Ну вот, и прежнее обращение «мадам» вернулось. Я качнула головой.

— Да. Бил. Этот негодяй, Лемальо, меня трижды ударил.

— Он сказал, что это вы его ударили.

— Кто кого — это, по-моему, ясно по нашим лицам. Впрочем, сейчас это совершенно не важно.

Наклонившись к нему, я серьезно спросила:

— Вы что, уже не хотите мне добра, Доминик?

Он сурово посмотрел на меня — я даже не думала, что этот мягкий, в сущности, очень добродушный человек может так смотреть.

— Мой долг разобраться во всем. Не имеет значения, чего хочу я лично. Если вы помогали убить генерала, я первый приговорю вас.

— Если… Что значит это «если»? Вызволяя меня из Консьержери, вы не интересовались, виновна ли я.

— Ибо тогда вы были явно не виновны. Я это знал.

Помолчав, он вполголоса добавил:

— И тогда у меня были надежды. Надежды, которые вы безжалостно разбили.

— У меня не было другого выхода.

Порри, пожалуй, впервые словесно выразил то, о чем мы оба прекрасно знали. Его надежды… Почему никто не хочет помочь мне просто так, не лелея при этом никаких надежд. Он делает добро, но подсознательно считает, что я должна чем-то ему за это отплатить!

— Доминик, — сказала я тихо, — но вы же теперь знаете правду. Лейтенант Вален все рассказал. Вы получили уверенность, не так ли?

Кровь прихлынула к его лицу.

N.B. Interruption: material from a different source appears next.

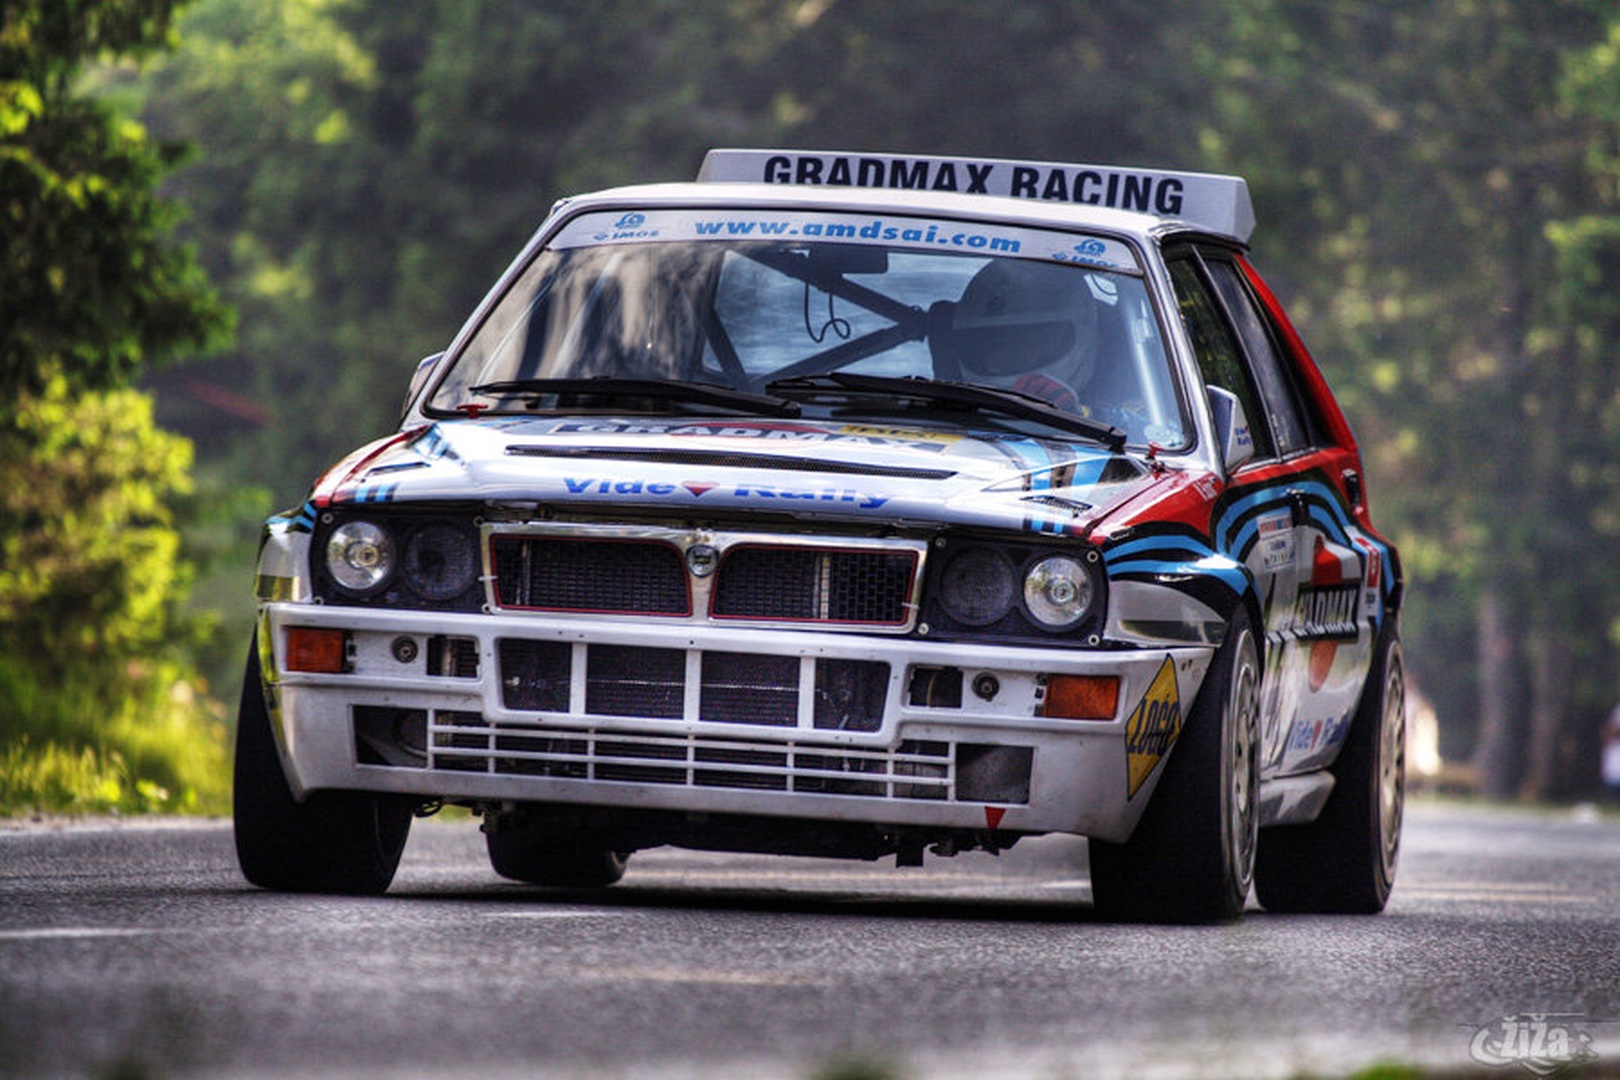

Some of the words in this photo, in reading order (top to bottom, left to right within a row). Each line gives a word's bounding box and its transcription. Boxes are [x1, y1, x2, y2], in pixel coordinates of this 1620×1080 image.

Внезапно вскочив, он сжал кулаки, и я на миг даже почувствовала страх перед этой гневной вспышкой.

— Это последний раз, мадам. Последний, черт побери!

— Что такое «последний»? — спросила я в недоумении.

— Мне в последний раз нужна уверенность. Если нам суждено еще раз встретиться при таких же обстоятельствах, боюсь, я потребую от вас совсем иную цену. Правда мне уже ни к чему.

Я медленно поднялась, в упор глядя на него широко раскрытыми глазами.

— Значит, — спросила я, — все дело не в том, виновна я или нет? Все дело в том, как я к вам отношусь. Не так ли? Просто желать мне добра вы не можете. Вам нужно что-то взамен. Да?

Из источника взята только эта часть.